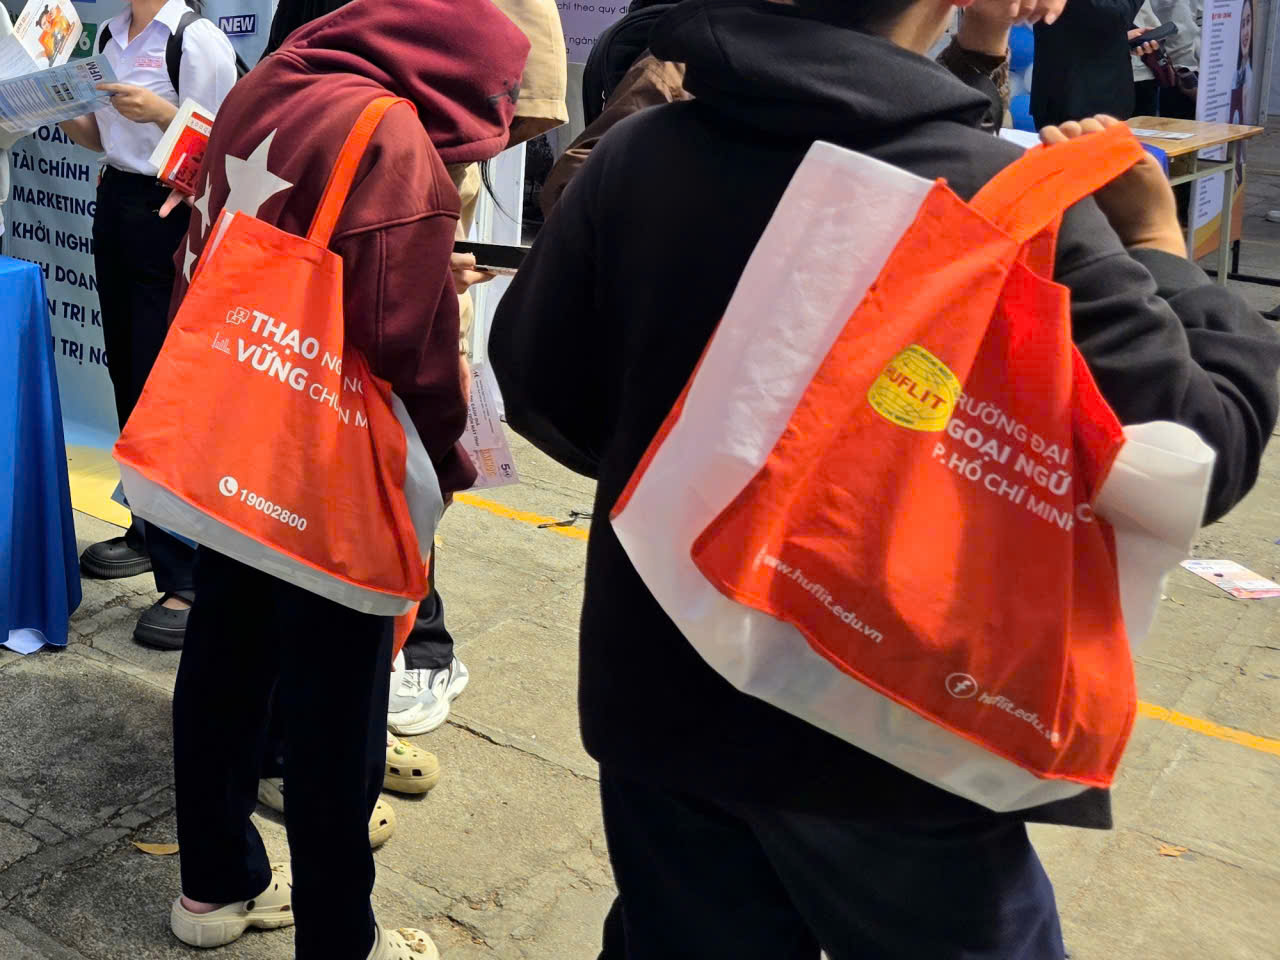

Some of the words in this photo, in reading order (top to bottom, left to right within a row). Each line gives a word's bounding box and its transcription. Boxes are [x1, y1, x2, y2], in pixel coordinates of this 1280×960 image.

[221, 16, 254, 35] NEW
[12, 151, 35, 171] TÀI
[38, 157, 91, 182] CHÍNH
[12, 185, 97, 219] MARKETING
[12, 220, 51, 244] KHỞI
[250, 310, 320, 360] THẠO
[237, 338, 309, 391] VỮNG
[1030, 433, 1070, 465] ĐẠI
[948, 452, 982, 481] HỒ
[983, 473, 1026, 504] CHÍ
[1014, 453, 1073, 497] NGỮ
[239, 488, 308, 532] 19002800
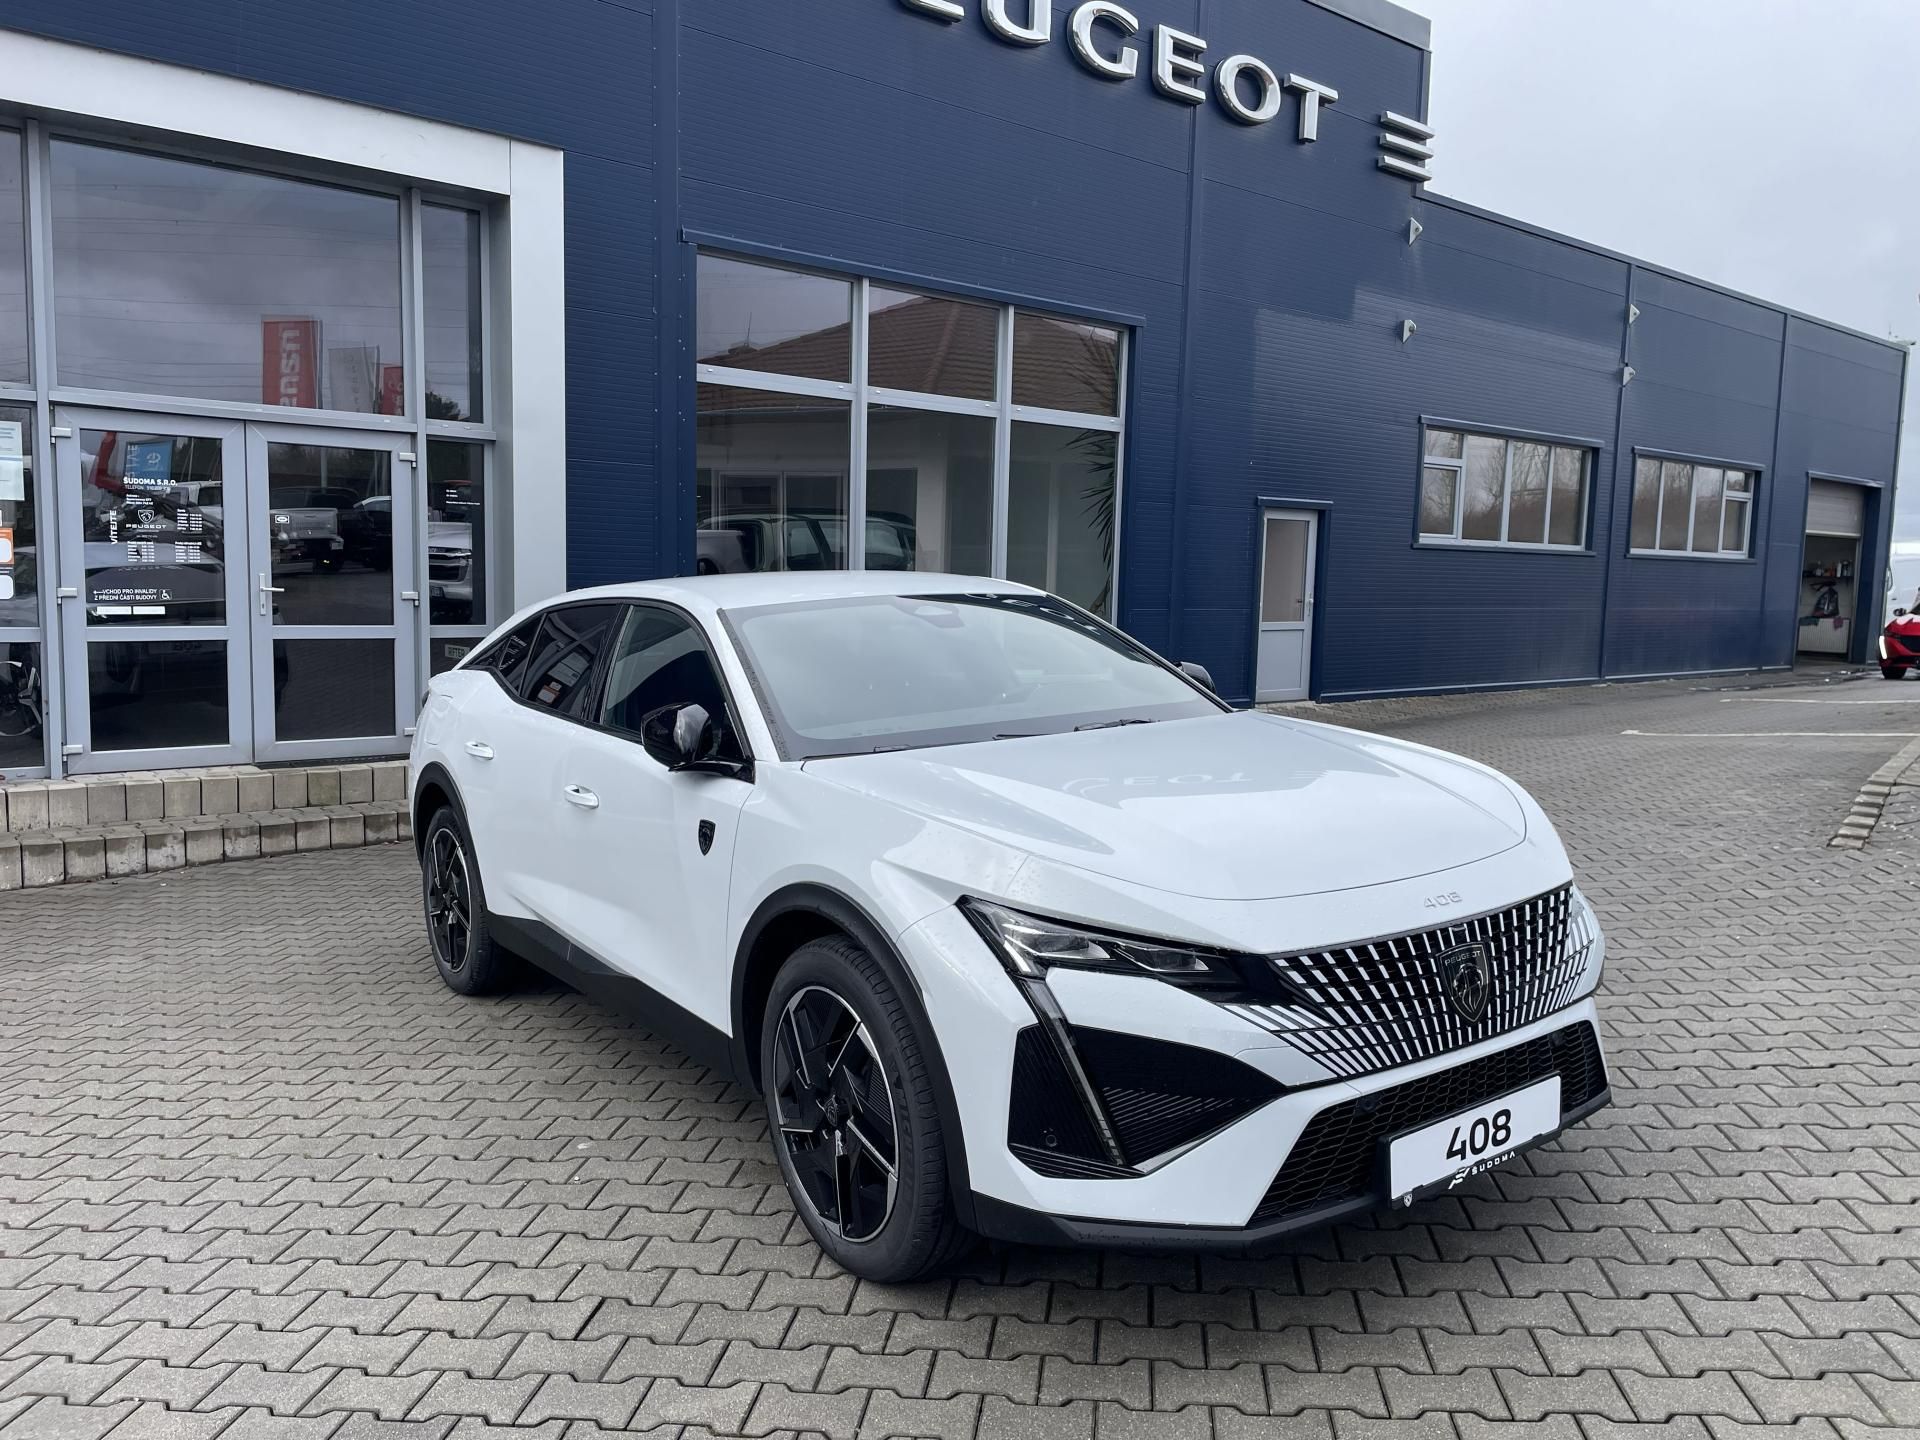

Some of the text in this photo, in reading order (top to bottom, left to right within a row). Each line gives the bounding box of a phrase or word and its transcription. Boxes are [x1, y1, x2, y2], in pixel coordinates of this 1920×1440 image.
· · ·
__Directions for this task__: Your answer must contain the full data, repeated exactly, without pictures.

__Solution for this task__:
Some of the words in this photo, in reading order (top to bottom, left to right within a row). Each line gives a word's bounding box and its transcription. Boxes are [x1, y1, x2, y2], in pixel coordinates of this 1280×960 image.

[221, 16, 254, 35] NEW
[12, 151, 35, 171] TÀI
[38, 157, 91, 182] CHÍNH
[12, 185, 97, 219] MARKETING
[12, 220, 51, 244] KHỞI
[250, 310, 320, 360] THẠO
[237, 338, 309, 391] VỮNG
[1030, 433, 1070, 465] ĐẠI
[948, 452, 982, 481] HỒ
[983, 473, 1026, 504] CHÍ
[1014, 453, 1073, 497] NGỮ
[239, 488, 308, 532] 19002800

Some of the text in this photo, in reading order (top to bottom, left to right within a row). Each line gives the bounding box of a phrase or word and its transcription. Boxes are [x1, y1, x2, y2], in pixel coordinates of this 1920×1440 image.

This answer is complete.